Zwar sollte man auch Blumenkohl möglichst frisch gekauft verarbeiten, doch lässt er sich mühelos eine gute Woche im Kühlschrank aufbewahren. Dabei gilt aber: Blumenkohl mag es “nackt”! Die grünen Hüllenblätter müssen vor dem Lagern entfernt werden, denn sie entziehen dem Kohl Feuchtigkeit und er wird welk. Am besten legt man den Kopf in einem perforierten Folienbeutel ins Gemüsefach.
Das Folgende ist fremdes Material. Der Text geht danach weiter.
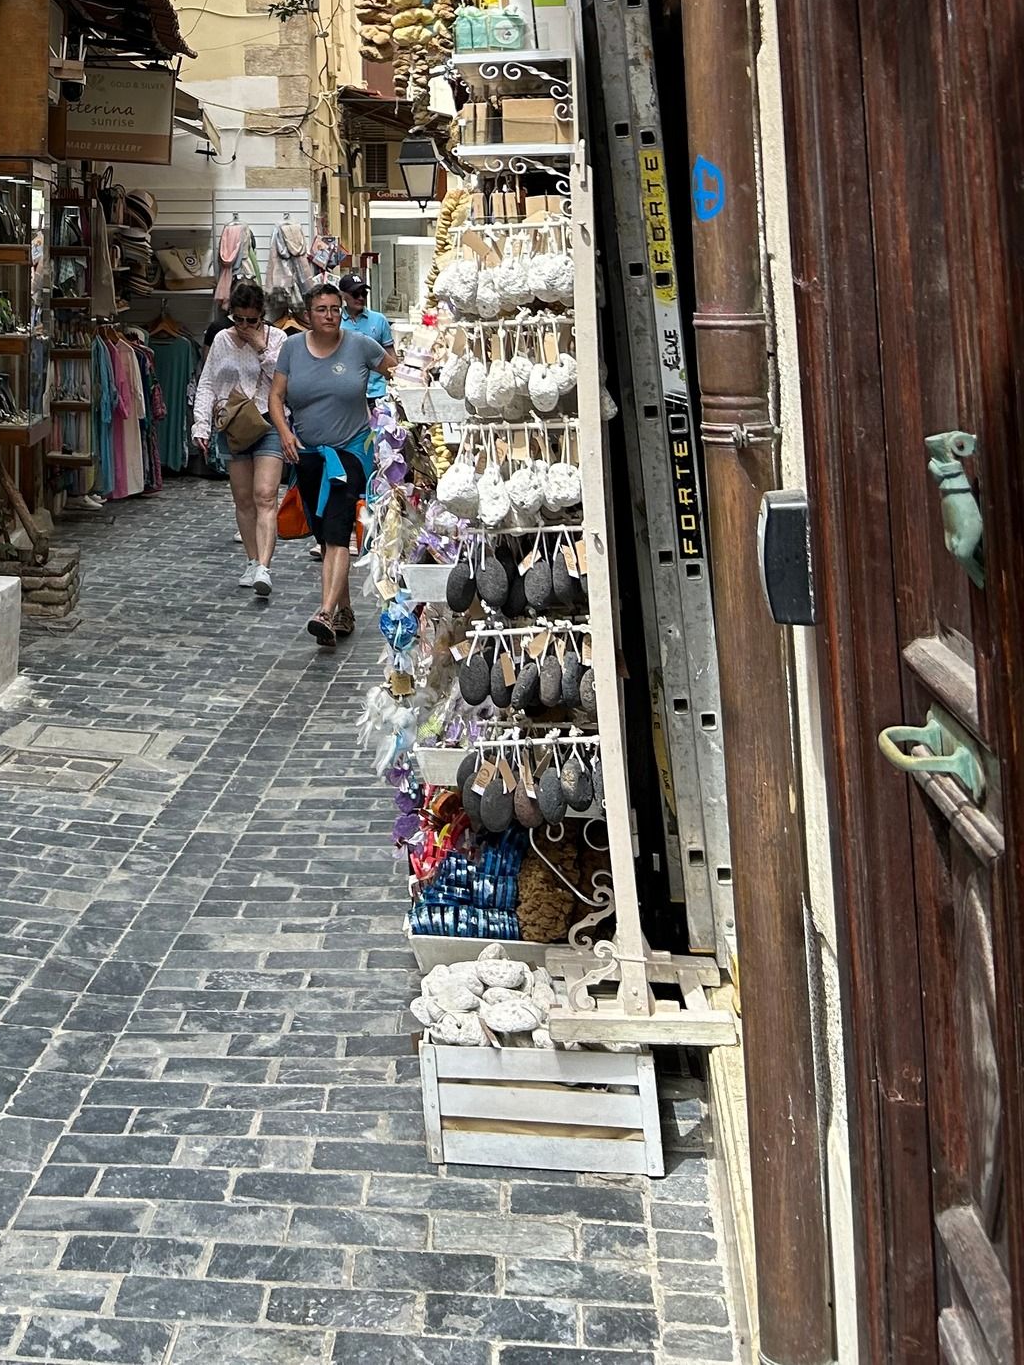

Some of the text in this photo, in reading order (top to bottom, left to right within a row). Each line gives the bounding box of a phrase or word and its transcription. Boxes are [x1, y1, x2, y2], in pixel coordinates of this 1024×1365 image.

So hat er nach zehn Tagen noch bis zu 90 Prozent seines Vitamin-C-Gehalts.

Auch hierzulande wurde Blumenkohl vor einigen Jahren - als die “feine Küche” entdeckt wurde - schief angeguckt. Gastronomie-Kritiker Wolfram Siebeck titulierte ihn sogar als “ordinären Stinker”, was dem Feinschmecker der Nation auf die Füße fiel: Seit der “Blumenkohlbeleidigung” gilt Siebeck als arrogant. Mitunter ist auch zu hören, Blumenkohl schmecke fade, irgendwie nach nichts. Wenn die Röschen “tot” gekocht werden, stimmt das wohl; hat der Kohl aber noch “Biss”, behält er auch seinen feinen Geschmack.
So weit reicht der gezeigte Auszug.